We are going to write a simple executor for `prims.add` function that calls NumPy's addition function. Our executor will be restricted to only work with inputs with certain properties. We will use the `add_operator_executor` function to create our executor.

In [1]:
import thunder
import torch
import numpy as np

In [2]:
#@title Helper functions (execute this cell)
import functools

_indentation = 0
def _log(msg=None):
    """Print a message at current indentation."""
    if msg is not None:
        print("  " * _indentation + msg)

def _log_indent(msg=None):
    """Print a message and then indent the rest."""
    global _indentation
    _log(msg)
    _indentation = 2 + _indentation

def _log_unindent(msg=None):
    """Unindent then print a message."""
    global _indentation
    _indentation = _indentation - 2
    _log(msg)
  
def log(func):
    """A decorator for functions to log arguments and results."""
    name = func.__name__
    def pp(v):
        """Print certain values more succinctly"""
        vtype = str(type(v))
        if isinstance(v, tuple):
            return "({})".format(pp_values(v))
        elif isinstance(v, thunder.core.proxies.TensorProxy):
            return f"TensorProxy(name={v.name}, shape={v.shape}, dtype={v.dtype}, device={v.device})"
        elif isinstance(v, torch.Tensor):
            return f"Tensor(shape={v.shape}, stride={v.stride()}, dtype={v.dtype}, device={v.device}) with values {v}"
        else:
            return str(v)
    def pp_values(args):
        return ", ".join([pp(arg) for arg in args])

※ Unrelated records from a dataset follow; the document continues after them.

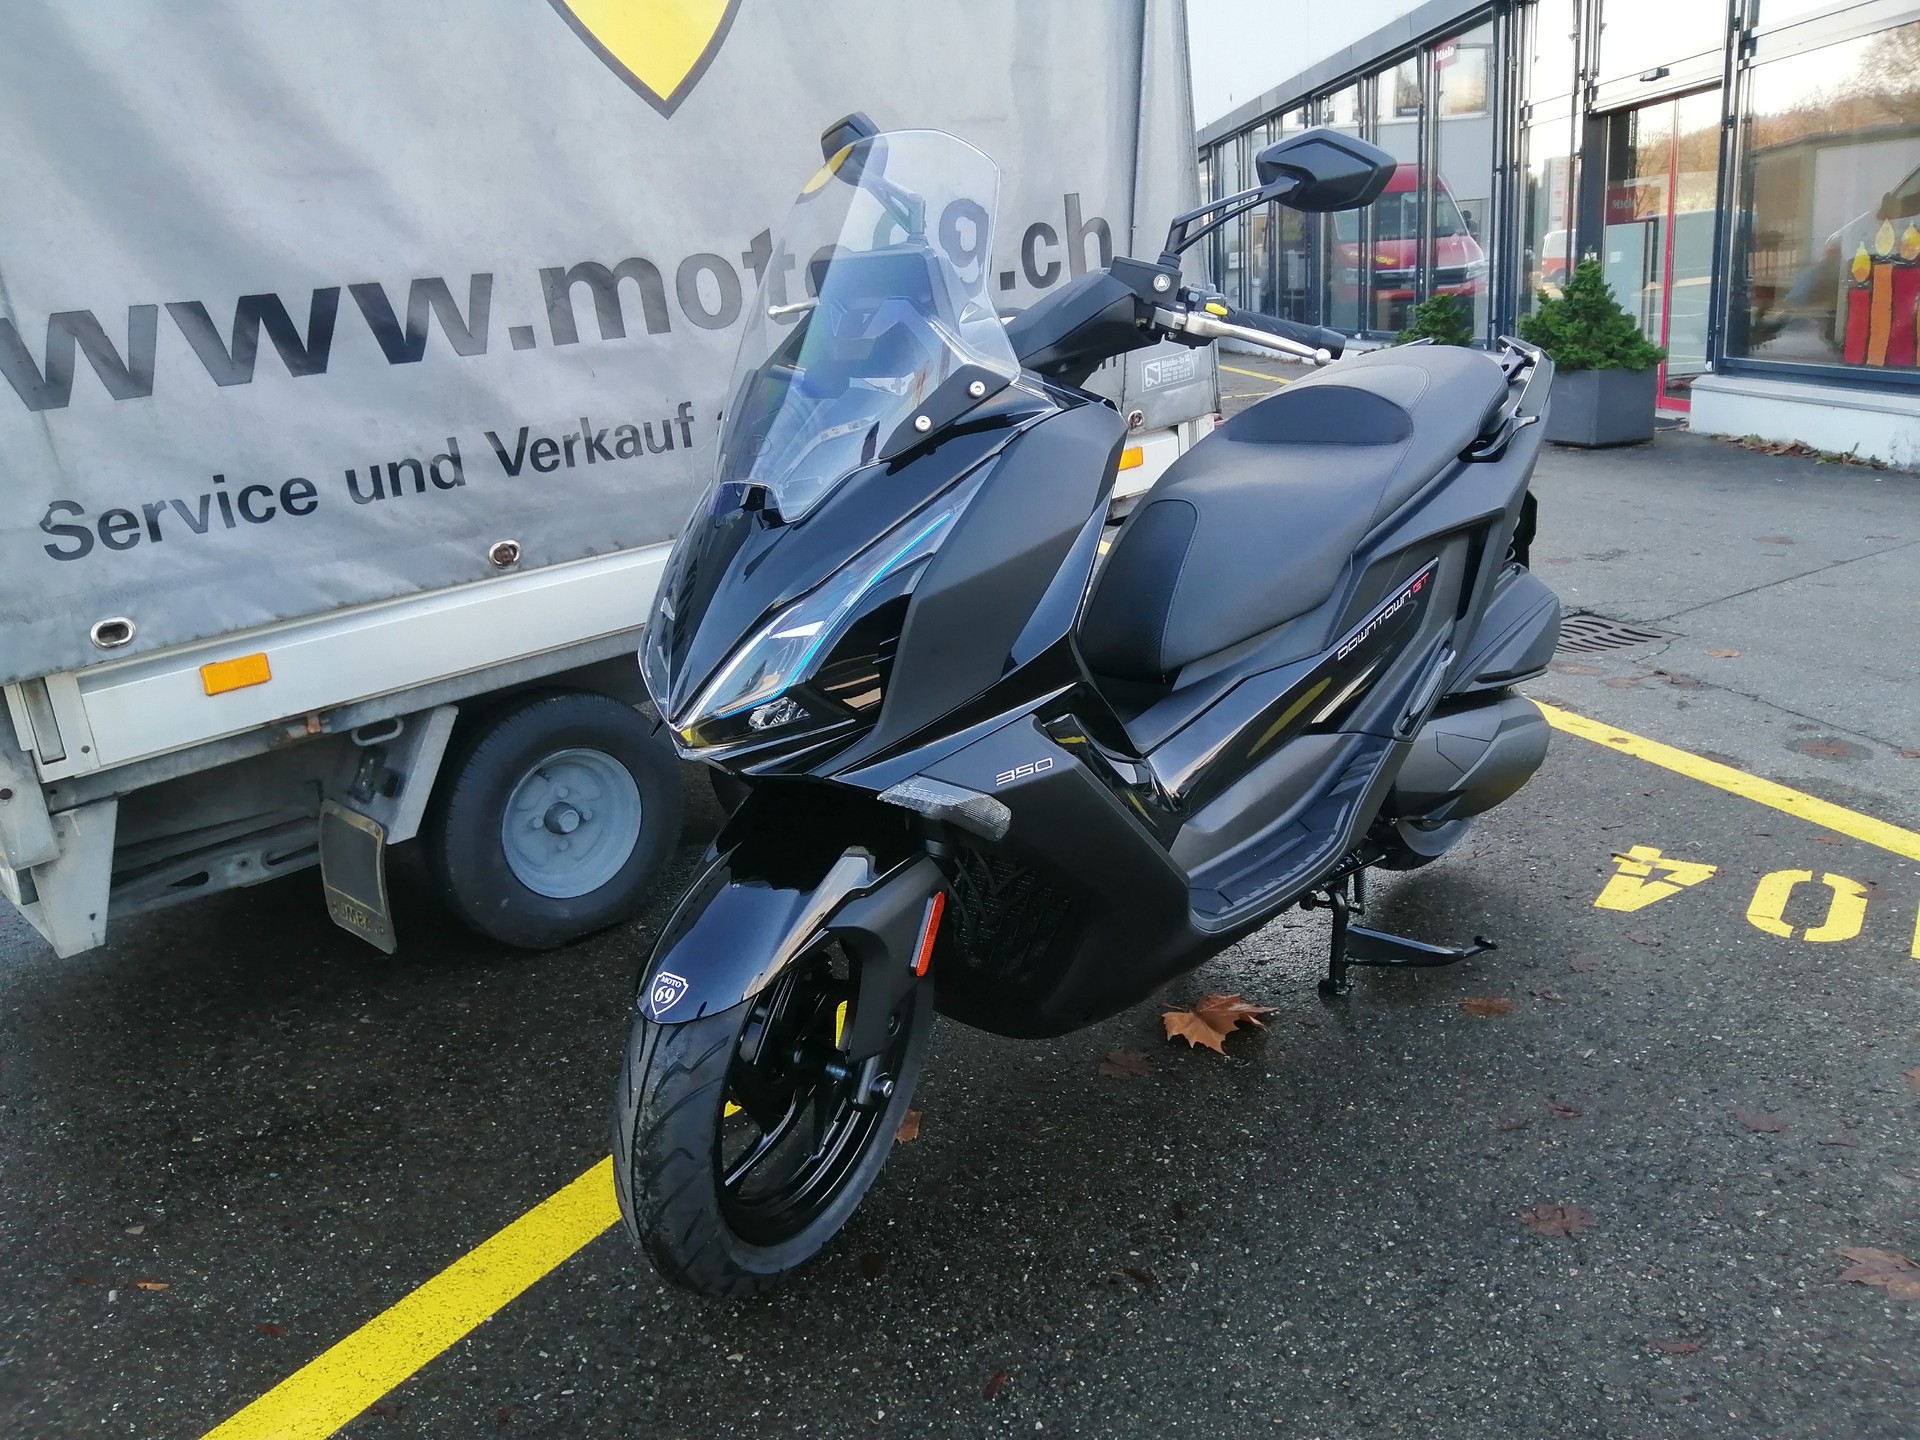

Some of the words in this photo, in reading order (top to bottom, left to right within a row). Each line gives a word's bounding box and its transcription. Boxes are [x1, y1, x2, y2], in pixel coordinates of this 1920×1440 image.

[0, 192, 1113, 412] www.mot9.ch
[40, 474, 318, 562] Service
[346, 437, 466, 505] und
[485, 401, 695, 478] Verkauf
[1412, 572, 1429, 594] GT
[995, 757, 1053, 787] 350
[1593, 845, 1920, 960] 04
[654, 985, 676, 1004] 69
[660, 975, 682, 988] MOTO
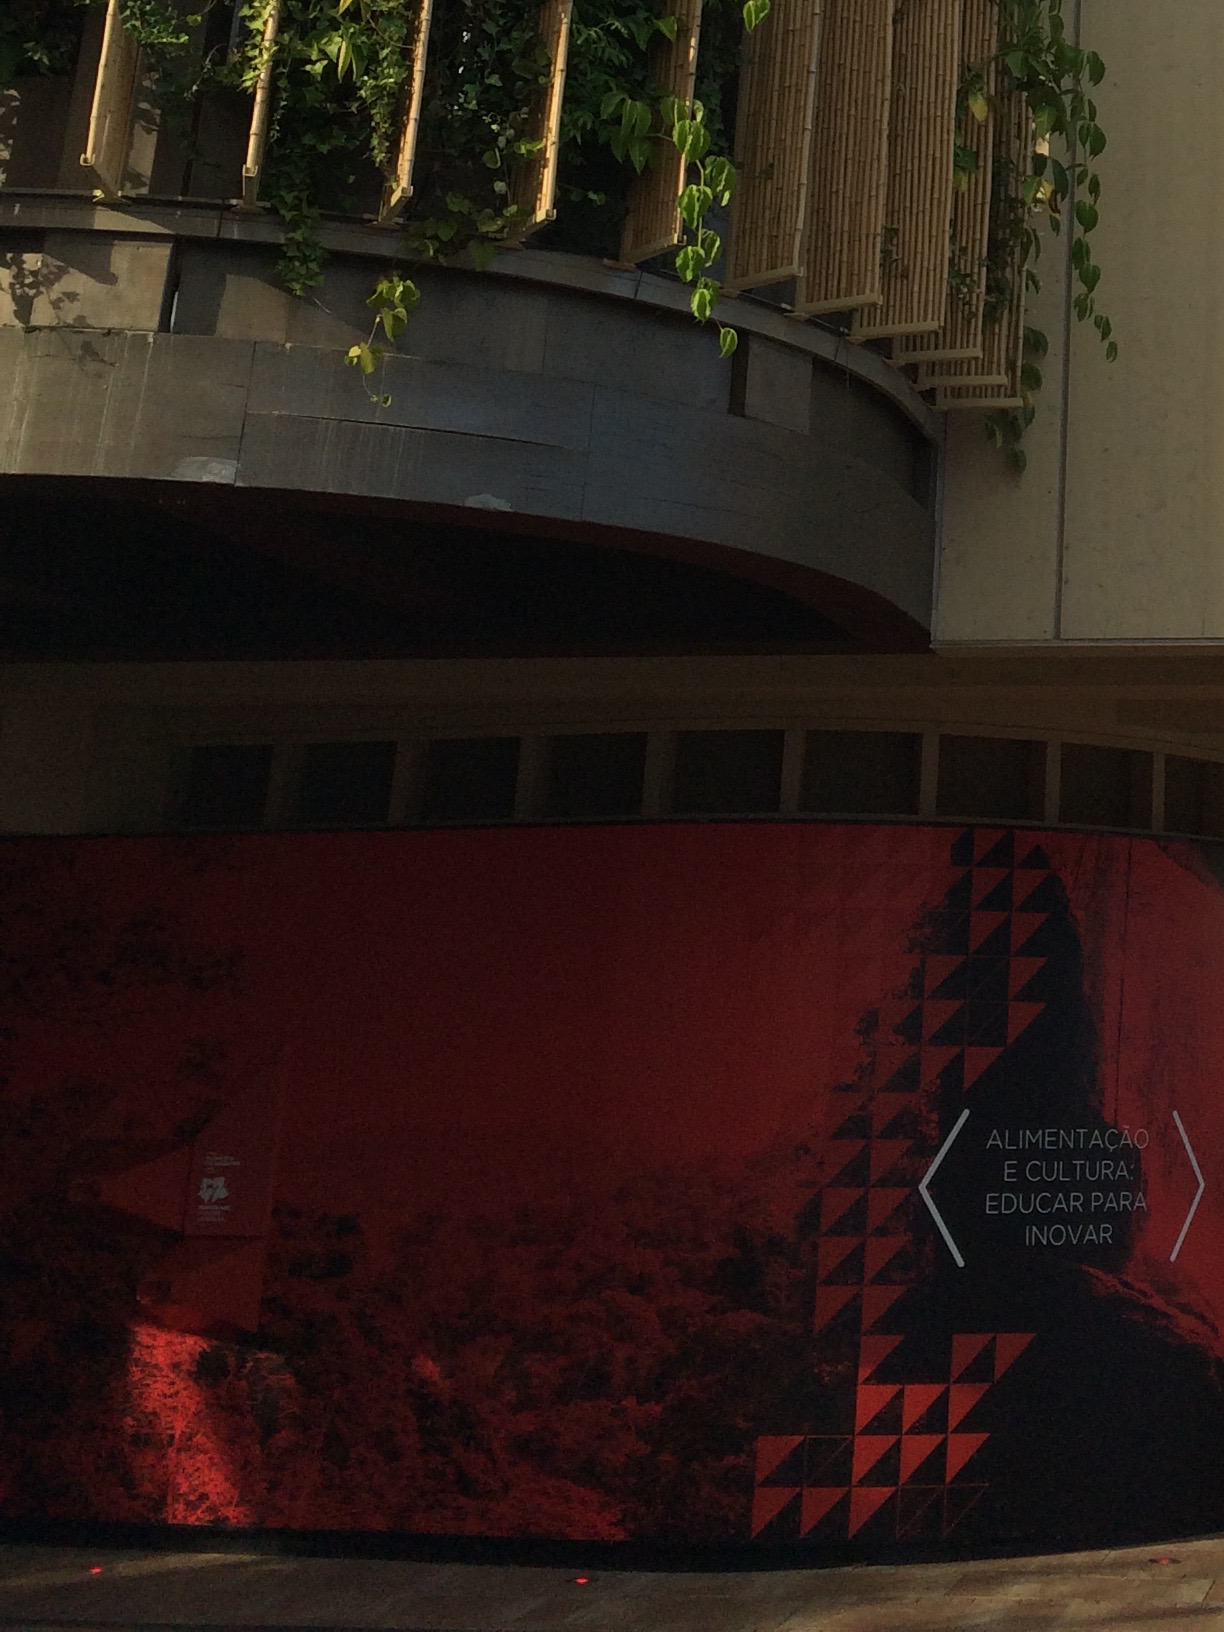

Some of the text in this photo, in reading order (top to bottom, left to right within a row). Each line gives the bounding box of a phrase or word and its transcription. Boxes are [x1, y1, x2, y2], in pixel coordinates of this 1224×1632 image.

[987, 1125, 1149, 1151] ALIMENTAÇÃO
[1004, 1160, 1134, 1182] E CULTURA:
[987, 1192, 1148, 1214] EDUCAR PARA
[1026, 1225, 1113, 1246] INOVAR
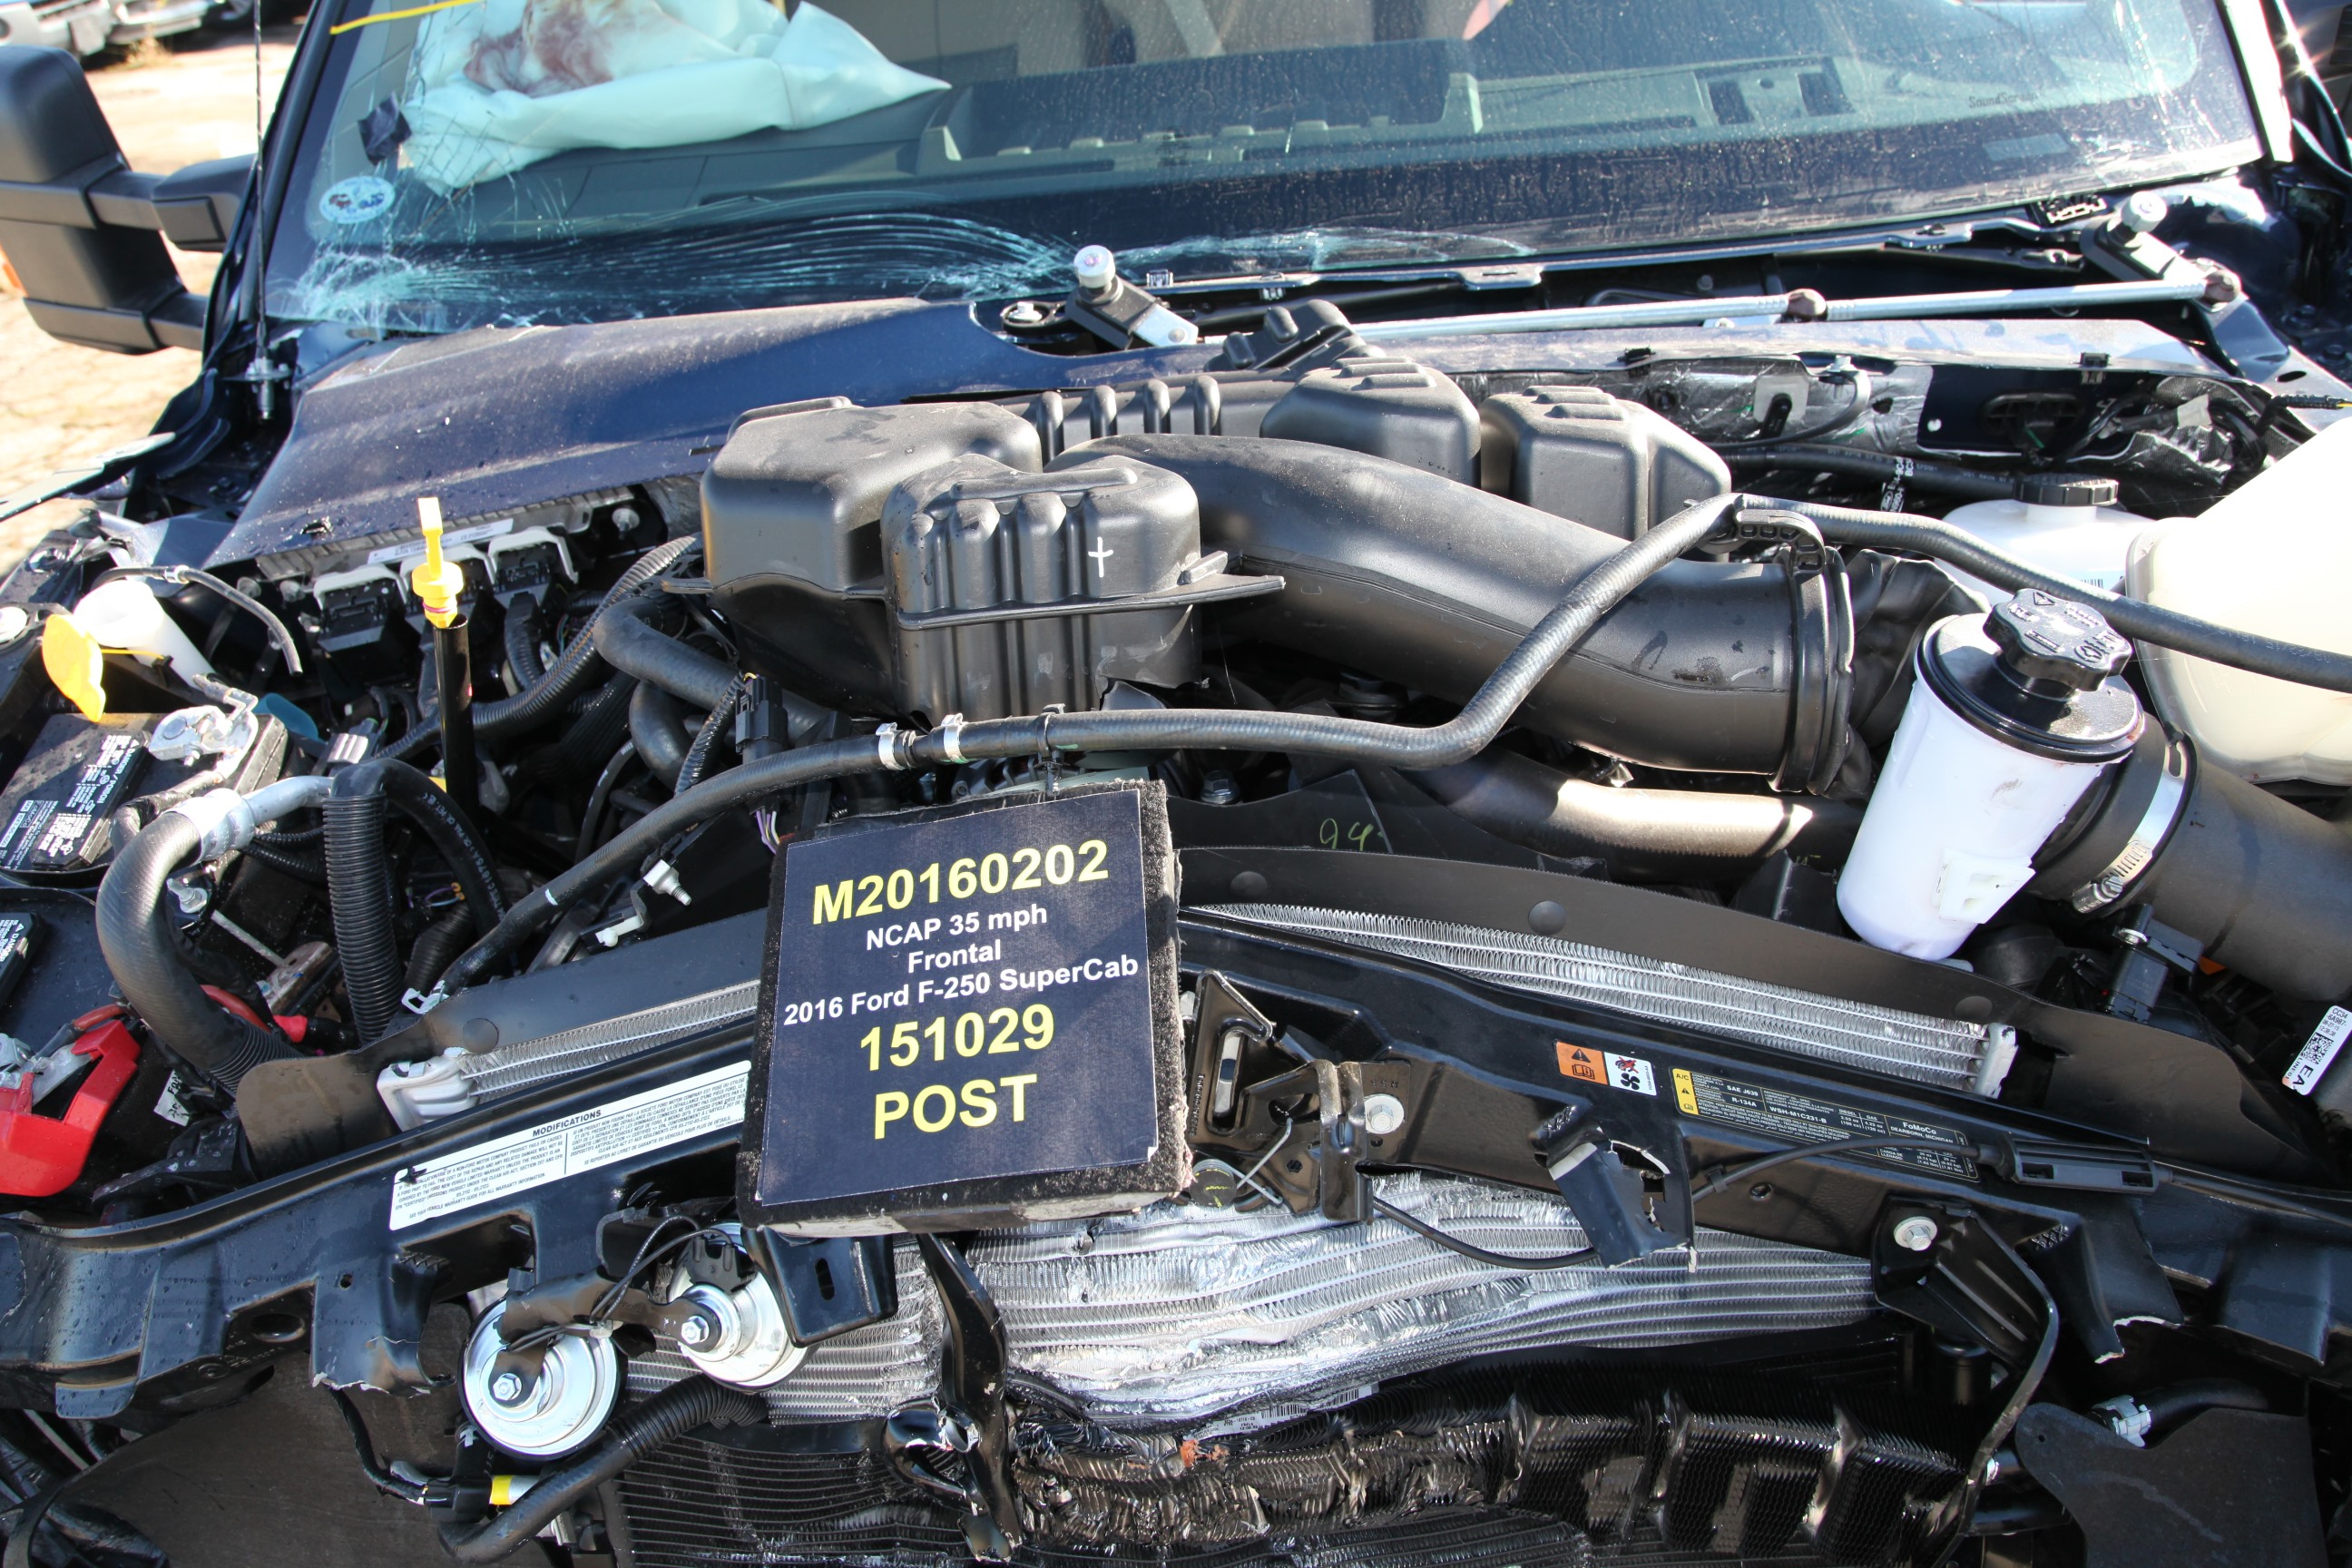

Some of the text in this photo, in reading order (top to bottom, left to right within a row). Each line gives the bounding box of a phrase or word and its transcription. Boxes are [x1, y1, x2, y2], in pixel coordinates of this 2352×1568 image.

[812, 838, 1109, 925] M20160202
[867, 904, 1047, 950] NCAP 35 mph
[907, 941, 1001, 973] Frontal
[783, 956, 1139, 1026] 2016 Ford F-250 SuperCab
[2332, 1007, 2348, 1019] CC34
[860, 1004, 1054, 1072] 151029
[1726, 1084, 1740, 1093] SAE
[2292, 1064, 2314, 1085] EA
[874, 1073, 1037, 1140] POST
[1731, 1096, 1757, 1107] R-134A
[533, 1110, 602, 1136] MODIFICATIONS
[1902, 1121, 1936, 1134] FoMoCo

    @functools.wraps(func)
    def func_wrapper(*args):
        _log_indent("call {}({})".format(name, pp_values(args)))
        res = func(*args)
        _log_unindent("|<- {} = {}\n".format(name, pp(res)))
        return res

    return func_wrapper

In [3]:
# This is our test function
def fun(a, b):
    return a + b * a

In [4]:
# This is our test input
a = torch.randn(2, 2, device="cuda")
b = torch.randn(2, 1, device="cuda")

In [5]:
# Let's see first how this function is represented as a trace
trace = thunder.trace()(fun, a, b)
print(trace)

# import thunder as thunder
# import thunder.torch as ltorch
import torch

@torch.no_grad()
def fun(a, b):
  # a: "cuda:0 f32[2, 2]" 
  # b: "cuda:0 f32[2, 1]" 
  t1 = ltorch.mul(b, a)  # t1: "cuda:0 f32[2, 2]"
    # t0 = prims.broadcast_in_dim(b, [2, 2], (0, 1))  # t0: "cuda:0 f32[2, 2]"
    # t1 = prims.mul(t0, a)  # t1: "cuda:0 f32[2, 2]"
  t2 = ltorch.add(a, t1, alpha=None)  # t2: "cuda:0 f32[2, 2]"
    # t2 = prims.add(a, t1)  # t2: "cuda:0 f32[2, 2]"
  return t2


In [6]:
# We can loop over the recorded operations that we call BoundSymbols
for bound_symbol in trace.bound_symbols:
    print(f"Bound symbol with id={bound_symbol.sym.id} is represented in the trace as |{bound_symbol}|")
    if bound_symbol.subsymbols:
        print("  It has the following subsymbols:")
        for subsymbol in bound_symbol.subsymbols:
            print(f"    id={subsymbol.sym.id}  |{subsymbol}|")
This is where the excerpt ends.